First Snow

This week we enjoyed the first snow in our newly purchased home.  What is it about snow that just seems to invoke walking in it, playing in it, getting cold enough to go inside and get a hot drink and a good book?

            As a reader who prefers historical novels and mysteries,  I had been searching for a book that would really capture my attention.  Just in time for the snow I discovered Amor Towles’ book The Lincoln Highway.  I had not come across his works before and got curious about him. His personal story I found quite fascinating.

As reported in Time Magazine, September 29, 2021, Towles started writing in first grade, and years later at a Yale seminar was taken aside by Paris Review co-founderPeter Matthiessen, who saw a talent the two made a pact to cultivate. So when Towles broke the news that to please his father, a banker, he was going to work in finance, his mentor was “furious.” America’s finance industry is notorious for skimming the brightest minds from every field. “The people I’ve seen go to Wall Street do not come back,” Towles remembers Matthiessen saying. “So you should assume that at this moment, you have turned your back on writing for the rest of your life.”

Towles would occasionally see Matthiesen and be reminded of his writing aspirations.  After his decade in the world of finance, he concluded that if he didn’t resume writing he would reach 59 “bitter and a drinker.”

His first book, Rules of Civility, was well received and was followed by an even bigger hit, A Gentleman in Moscow.
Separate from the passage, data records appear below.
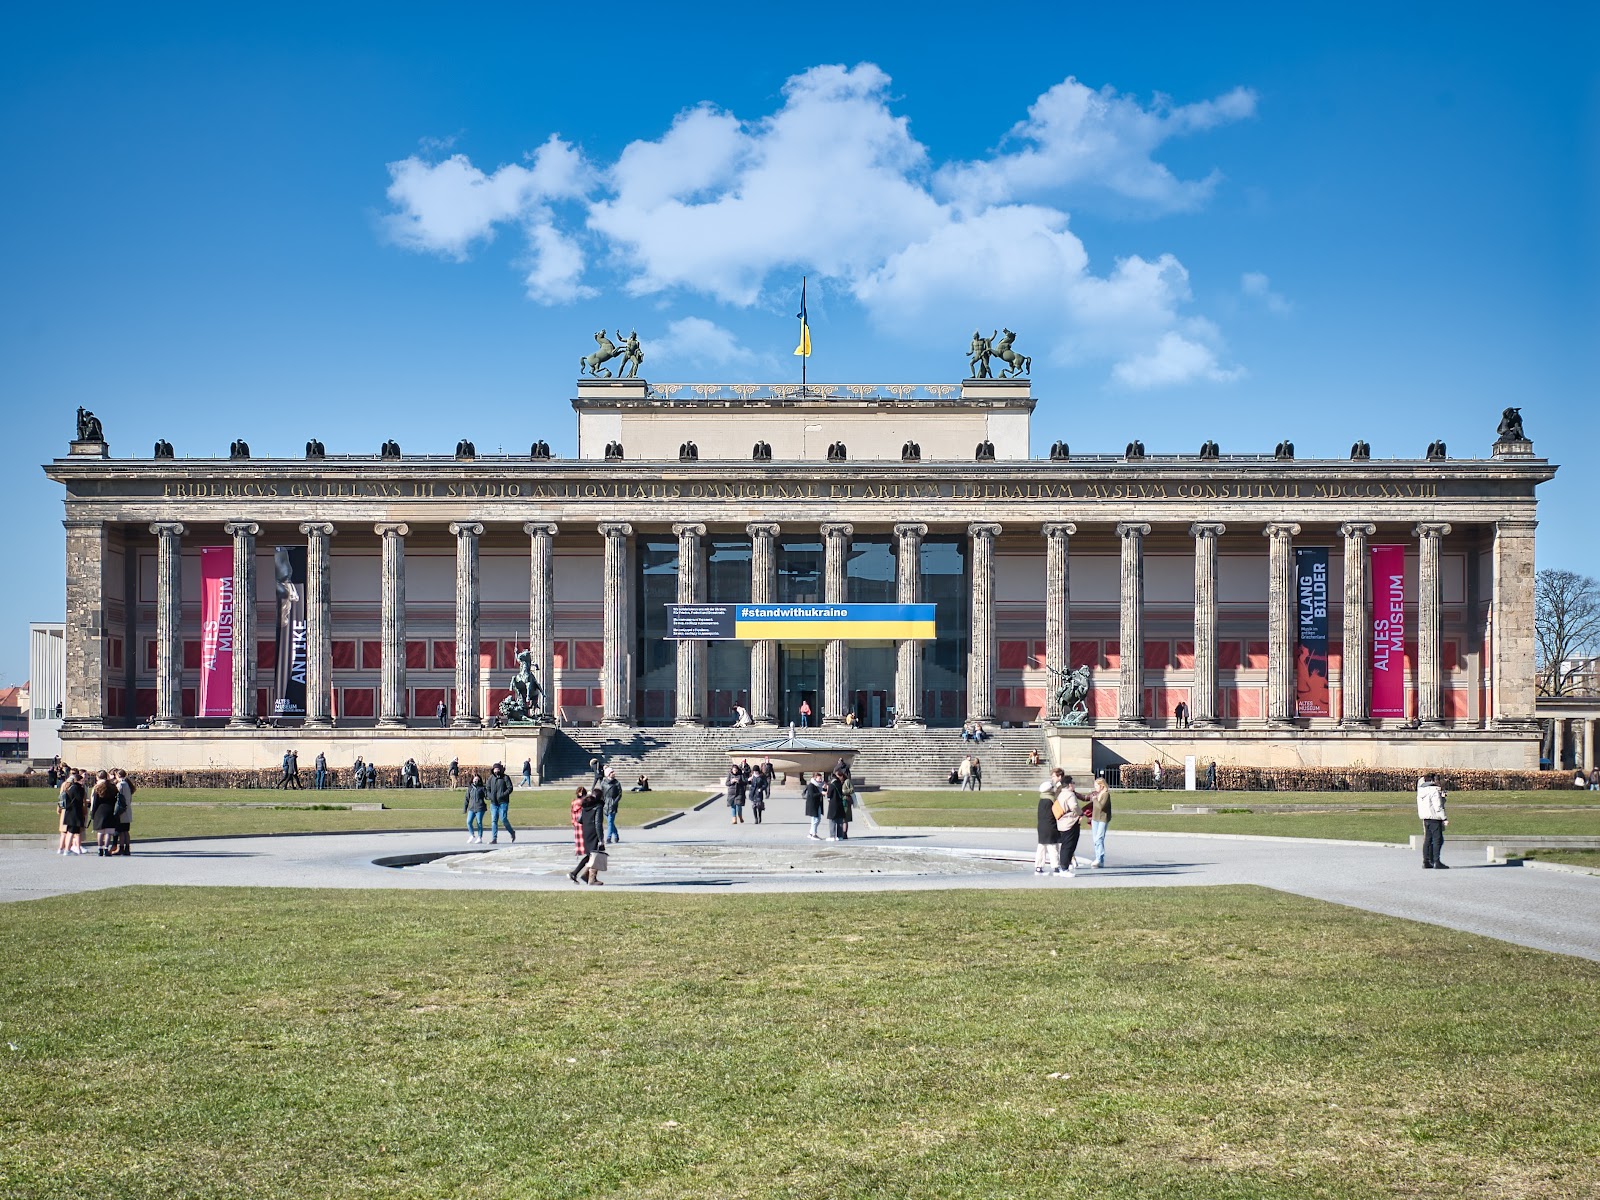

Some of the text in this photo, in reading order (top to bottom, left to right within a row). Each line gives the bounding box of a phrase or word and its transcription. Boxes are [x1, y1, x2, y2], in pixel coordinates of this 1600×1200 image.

[163, 483, 1438, 498] FRIDERICVS GVILELMVS III STVDIO ANTIQVITATIS OMNIGENAE ET ARTIVM LIBERALIVM MVSEVM CONSTITVIT MDCCCXXVIII
[219, 577, 232, 651] MUSEUM
[741, 608, 848, 618] #standwithukraine
[1301, 576, 1312, 624] KLANG
[1314, 563, 1326, 617] BILDER
[1390, 576, 1404, 651] MUSEUM
[204, 621, 218, 671] ALTES
[292, 620, 306, 684] ANTIKE
[1374, 620, 1388, 671] ALTES
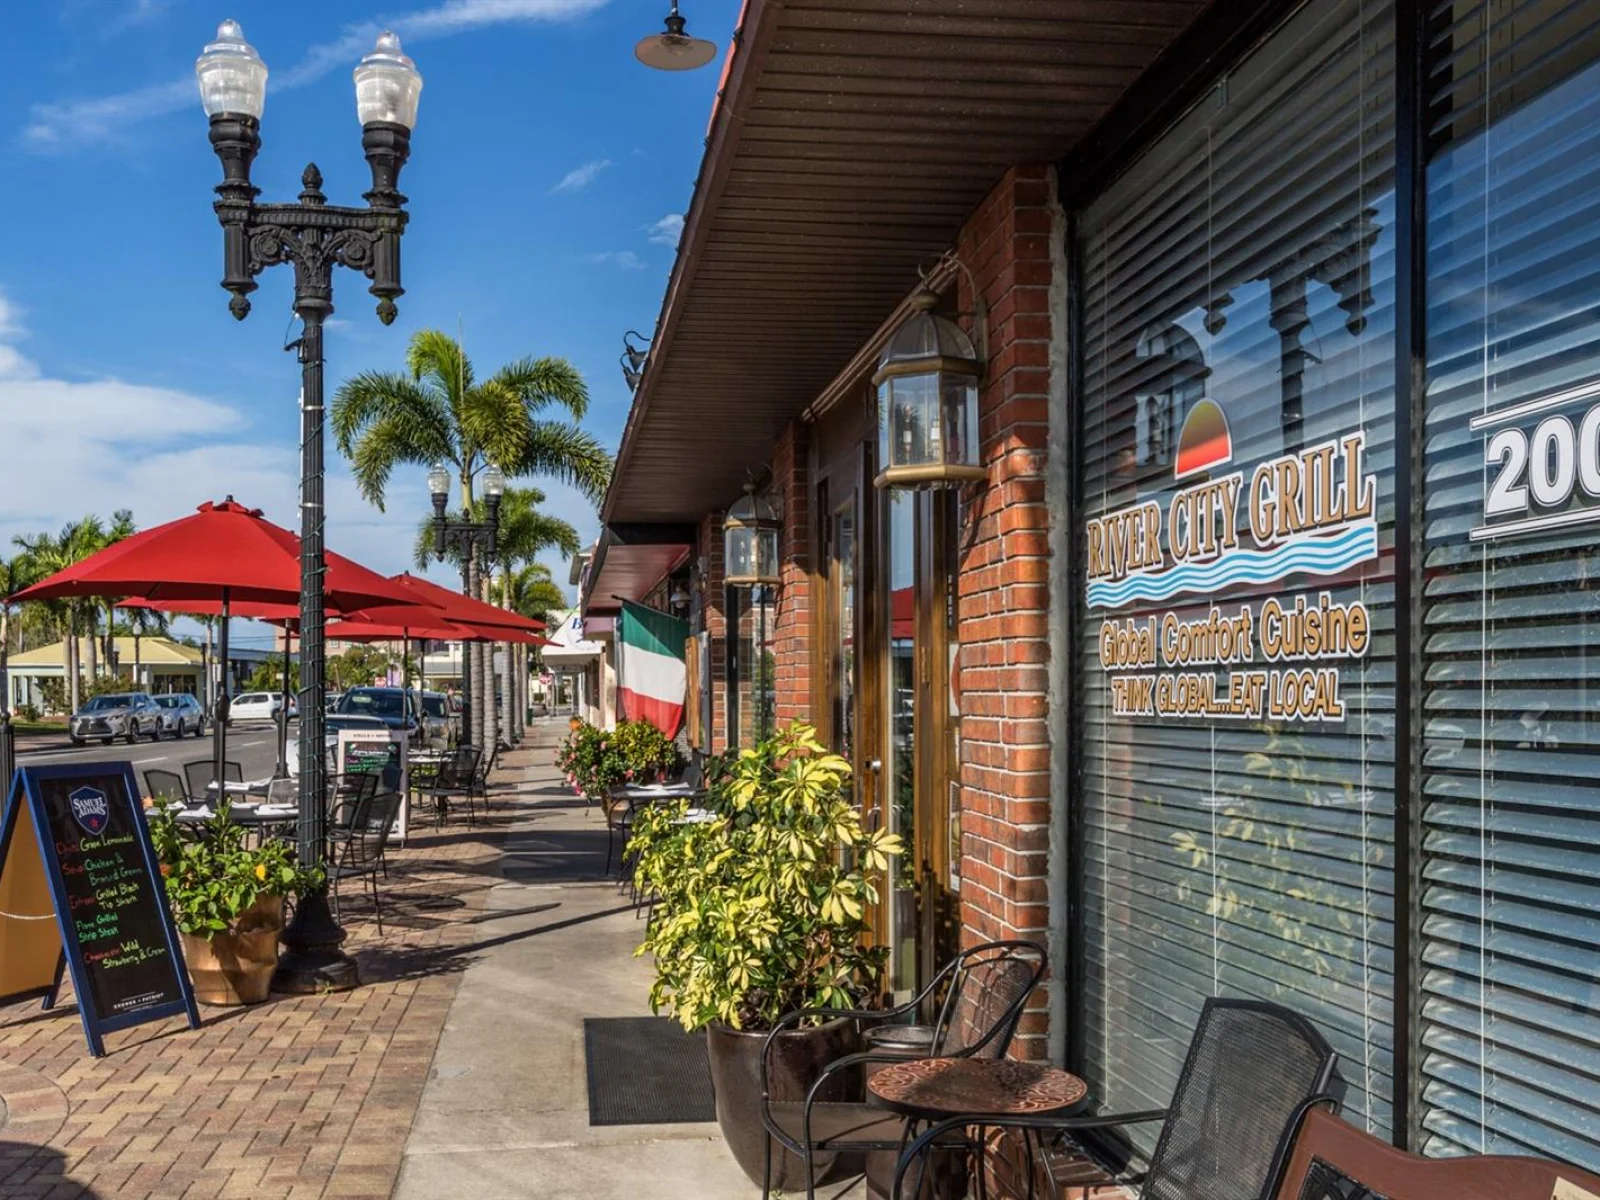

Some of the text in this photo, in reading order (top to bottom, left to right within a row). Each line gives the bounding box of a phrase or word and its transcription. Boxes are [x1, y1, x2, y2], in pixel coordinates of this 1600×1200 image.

His latest, The Lincoln Highway, is set in the 1950s, opening  with the release of Emmett from a Nebraska reform school, after serving time for the accidental killing of a bully. His little brother has discovered a stash of postcards their mother sent after she abandoned the family and which were never shared by their now deceased father.  Towles searched out vintage post cards and framed his story around the boys’ intention to follow the path of their mother’s postcards across the Lincoln Highway.

One of the signs for me of a good book or movie is that the characters become real enough that I care about what happens to them as the story unfolds.   He definitely creates characters that engage my interest in their lives and fortunes. 

I anticipate I will have many snowy-days reading opportunities.  And snow or not, I wish you many occasions to indulge in a good book.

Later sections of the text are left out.